Acadiana Business

Focus: Entrepreneurs

No Entrepreneur of the Year for 2012

ABiz annually seeks nominations from readers and leaders throughout the business community for its Entrepreneur of the Year award. After evaluating the nominations, our editors and staff decide whether to bestow the honor on an individual. While there is no specific grading system, nominees are assessed on a range of criteria, including innovation, job creation and potential for job creation, vision, leadership, expansion, financial performance, community involvement and ethics in business. Only twice since ABiz introduced this feature in 2007 have we selected a winner: Dr. Kip Schumacher in 2009 and Scott Eric Olivier in 2011. Each year, however, we profile promising business owners - oftentimes those flying under the radar - who are working to impact Acadiana's economy and community in big ways. We found four such entrepreneurs we'll be keeping our eyes on in the years to come: Trip Gruver, Greg Trahan, Bobby Holbrook Jr. and Chris Rader.

This Entrepreneur is a Trip

No, really, that's his name - Trip Gruver - and he sees Lafayette as the next big thing in the commercial video industry.
By Walter Pierce

With bleached blond hair and a Left Coast fashion flair, Trip Gruver looks like the quintessential California dude. In fact, he was for decades - first in San Francisco and later in Los Angeles, where his creative filmmaking skills won him Emmy and Clio awards (a Clio is to advertising what an Oscar is to movies).

Trip Gruver / Photo by Robin May

After spending four years in Florida doing freelance work and getting reacquainted with his elderly father, Gruver found himself in Lafayette working on a three-month project with locally owned video-production company Vidox Motion Imagery creating an ad campaign for UL basketball. Lafayette got under his skin and he never left.

"I had the option of, am I going to stay here, am I going to leave here? But in that period of time I really grew to love this place," Gruver explains. "I've always gone for the next opportunity if I feel that it's a growth - a self-growth and a professional growth and a creative growth involved in that. And I saw a lot of that opportunity here."

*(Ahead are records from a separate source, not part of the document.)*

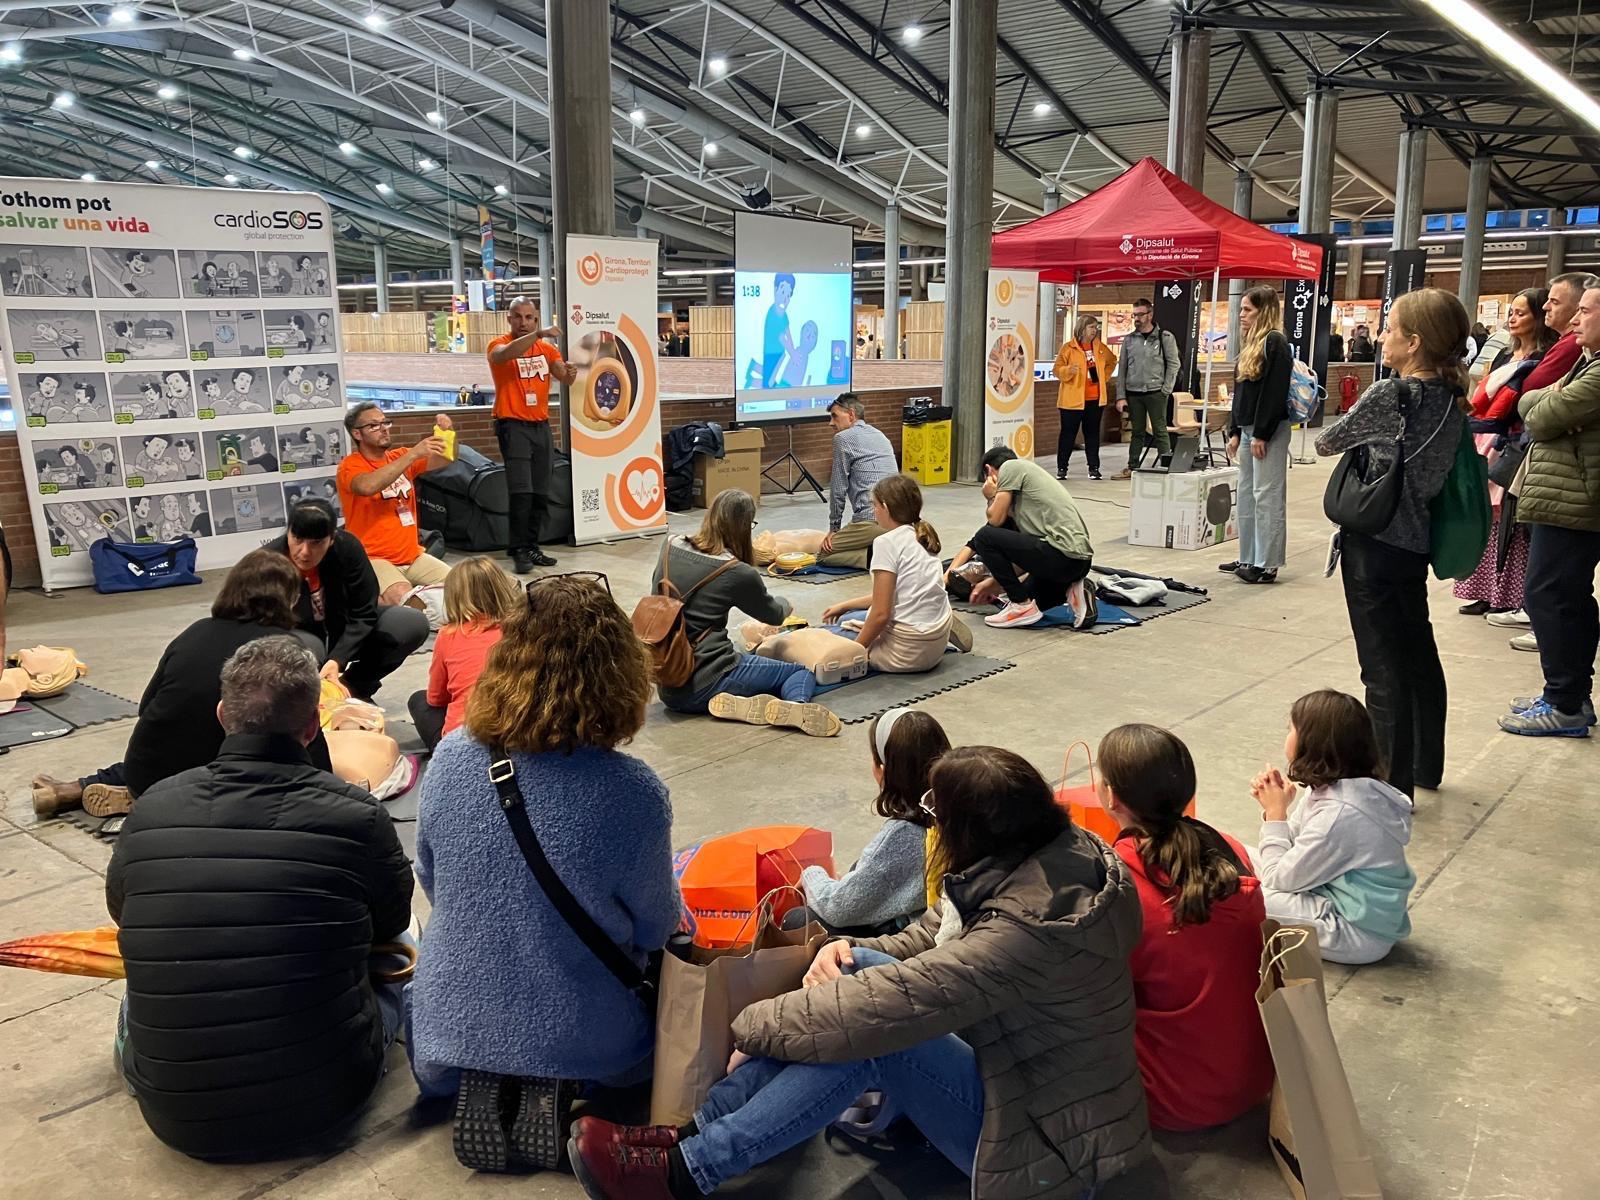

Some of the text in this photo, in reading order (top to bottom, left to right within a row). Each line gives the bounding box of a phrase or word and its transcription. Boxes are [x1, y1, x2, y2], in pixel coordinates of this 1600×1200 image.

[0, 191, 112, 214] othom pot
[63, 217, 102, 231] una
[106, 216, 150, 233] vida
[214, 210, 323, 230] cardioSOS
[244, 232, 304, 240] global protection
[1136, 238, 1174, 249] Dipsalut
[742, 285, 761, 297] 1:38
[585, 311, 609, 320] Dipsalut
[1294, 311, 1304, 339] Girona

Gruver is the creative mind behind some of the most successful ad campaigns in recent memory, many of them featuring babies - for Michelin tires, Huggies and Pampers, to name a few. "As soon as you get one successful baby commercial, you're an expert I guess," he jokes.

Since he's always looking for the next opportunity, for the next challenge, the Connecticut native and San Francisco State University film school alumnus saw a world of possibility in Lafayette, specifically putting the city on the commercial filmmaking map, in part because Lafayette is beginning to accumulate the infrastructure, but also in large part because of the local culture.

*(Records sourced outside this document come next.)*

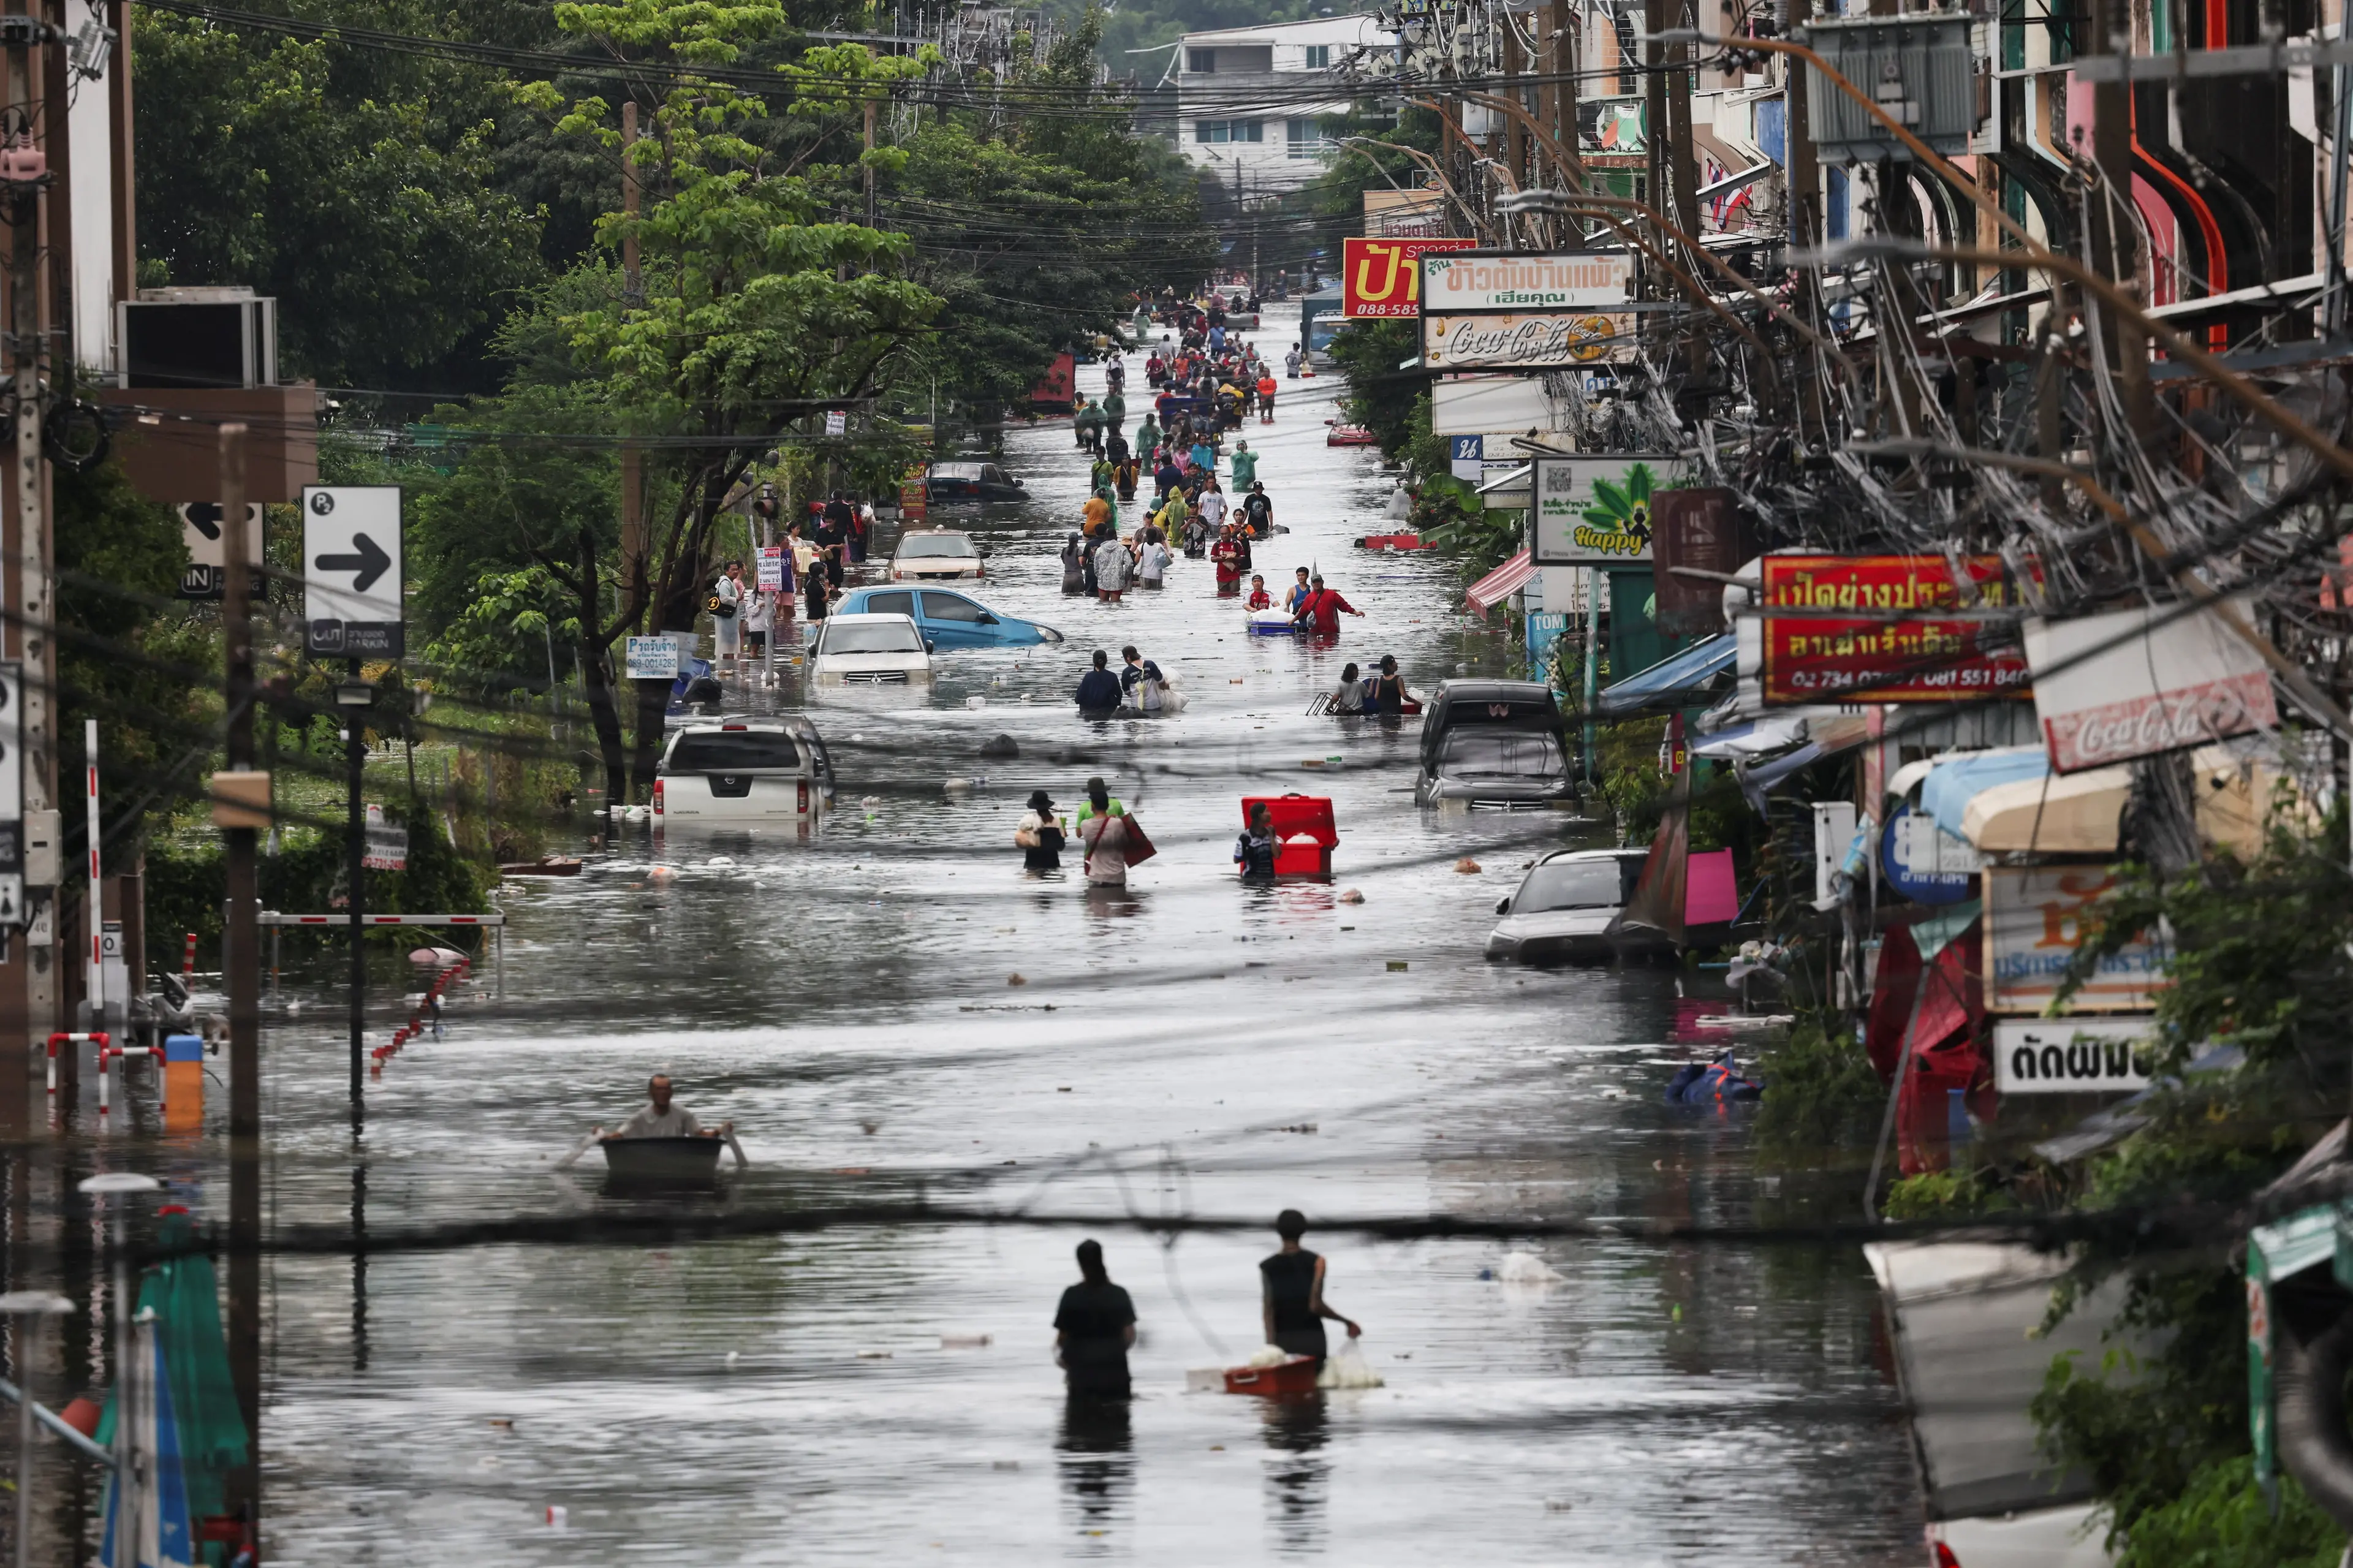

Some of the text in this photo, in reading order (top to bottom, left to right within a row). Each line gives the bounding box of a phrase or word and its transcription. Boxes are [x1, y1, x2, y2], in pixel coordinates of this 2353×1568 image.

[1428, 259, 1452, 276] ร้าน
[1447, 256, 1627, 292] ข้าวต้มบ้านแพ้ว
[1444, 318, 1574, 364] Coca-Cola
[1574, 525, 1643, 556] Happy
[1533, 615, 1564, 631] TOM
[628, 638, 637, 652] P
[1820, 672, 1854, 687] 734
[1962, 670, 1991, 686] 551

"Every single client I ever worked with never goes back to their hotel room; they want to be able to have experiences," he explains. "They want to be able to go to great restaurants. They want to listen to great music. They want to see culture that they've maybe not been that often exposed to; that was what was so great for them shooting in Toronto and especially Vancouver, BC, was they had all those things but it was a city you could investigate easily in a short period of time and really get to know it as a visitor."

Gruver noticed something about Lafayette once he got his sea legs - something that many in town now take for granted but was rare a couple of decades ago: "Apparently everyone who now works in Lafayette originally is from Lafayette then went somewhere else for a period of years for an education or for a first couple of jobs and then they all come back. I've been really impressed with that," he says.
Gruver has formed a partnership with two other local video-production savants - John Paul Summers (producer) and Adam Hoffmann (visual effects). Although as of this writing the venture hasn't been incorporated, Gruver says it will be called The Colony.

The trio has been working with the Russo Group in Lafayette to develop a branding strategy for the startup. He'll serve as director, and says he will lean on his many contacts in New York, Chicago, Dallas, Los Angeles and the Pacific Northwest to reel in commercial video production to the Hub City.

"I've been waiting for an opportunity to form a company where I don't have to leave Lafayette on a regular basis," he says. "All I used to do was be in the air or on a cement floor for 20 years. Either you're on an airplane or you're on a stage - that's kind of it. I'm really enjoying the size of this community, the openness of this community, the fact that when they say, I'll make a call for you,' they really mean it. It's really nice."

Like Father, Like Son

After 35 years in business, Holbrook Multi-Media is becoming a one-stop production shop.
By Patrick Flanagan

For Bob Holbrook, some things never change, like his taste in clothes, he jokes. But after 35 years, what is changing is his business, Holbrook Multi Media Inc.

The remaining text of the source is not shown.